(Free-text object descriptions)
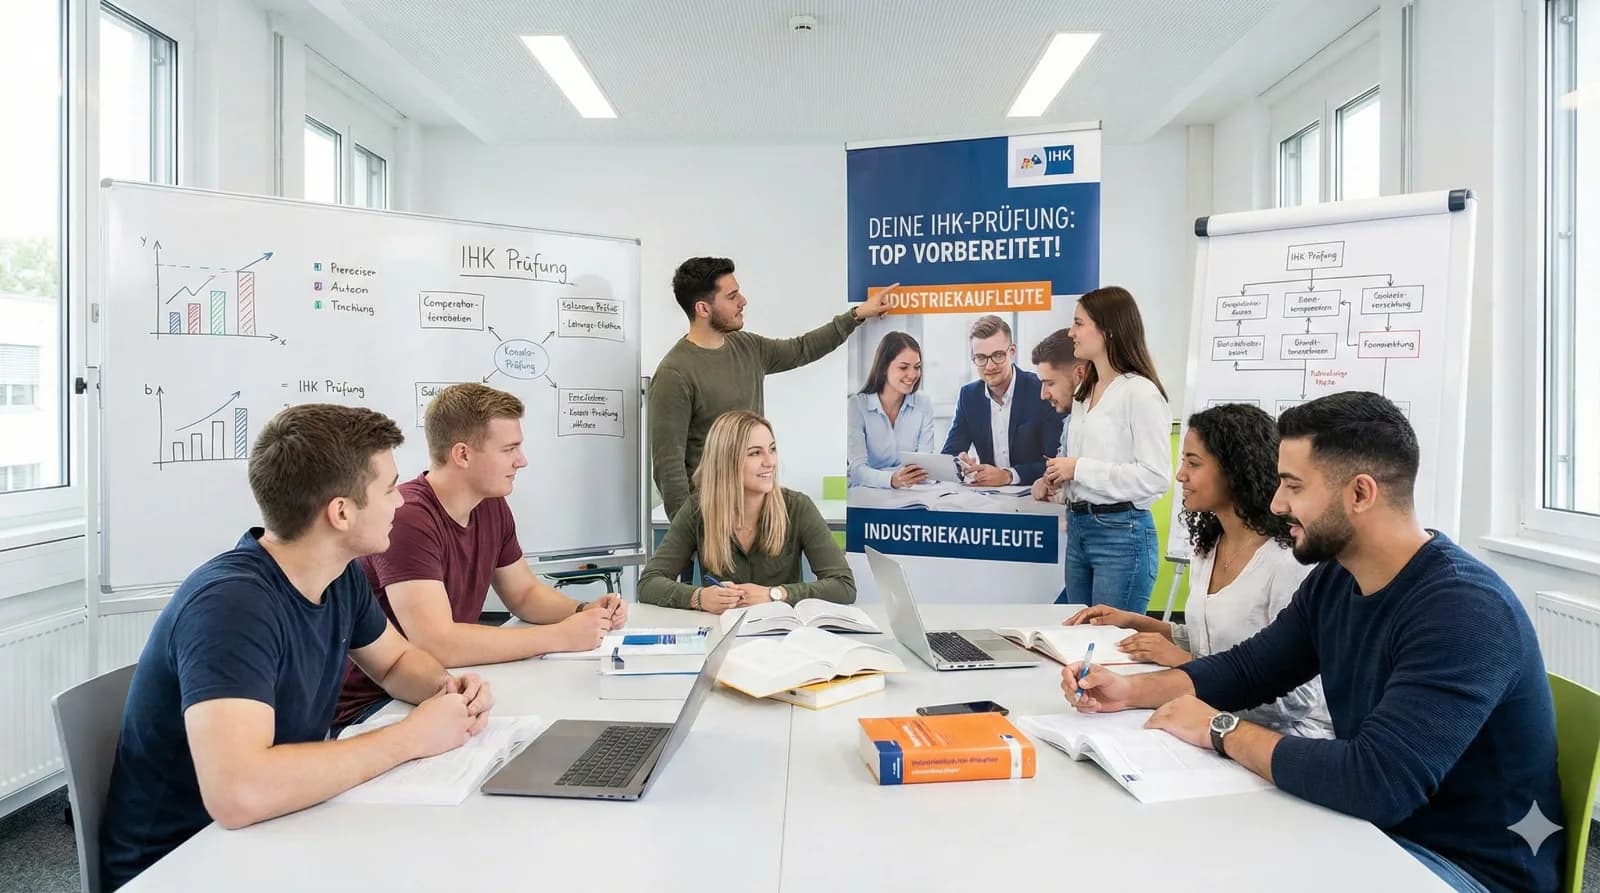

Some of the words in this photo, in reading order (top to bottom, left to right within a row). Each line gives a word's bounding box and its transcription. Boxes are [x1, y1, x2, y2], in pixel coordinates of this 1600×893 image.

[1048, 149, 1072, 162] IHK
[869, 214, 924, 239] DEINE
[931, 204, 1075, 235] IHK-PRÜFUNG:
[461, 245, 496, 269] IHK
[506, 248, 568, 284] Prüfung
[868, 244, 907, 266] TOP
[912, 236, 1061, 264] VORBEREITET!
[299, 380, 319, 393] IHK
[325, 380, 365, 399] Prüfung
[864, 522, 1044, 548] INDUSTRIEKAUFLEUTE

## Activity
Reproduce the entries above exactly. Do not include the images.

## Response box
Some of the words in this photo, in reading order (top to bottom, left to right within a row). Each line gives a word's bounding box and its transcription. Boxes are [x1, y1, x2, y2], in pixel coordinates of this 1600×893 image.

[1048, 149, 1072, 162] IHK
[869, 214, 924, 239] DEINE
[931, 204, 1075, 235] IHK-PRÜFUNG:
[461, 245, 496, 269] IHK
[506, 248, 568, 284] Prüfung
[868, 244, 907, 266] TOP
[912, 236, 1061, 264] VORBEREITET!
[299, 380, 319, 393] IHK
[325, 380, 365, 399] Prüfung
[864, 522, 1044, 548] INDUSTRIEKAUFLEUTE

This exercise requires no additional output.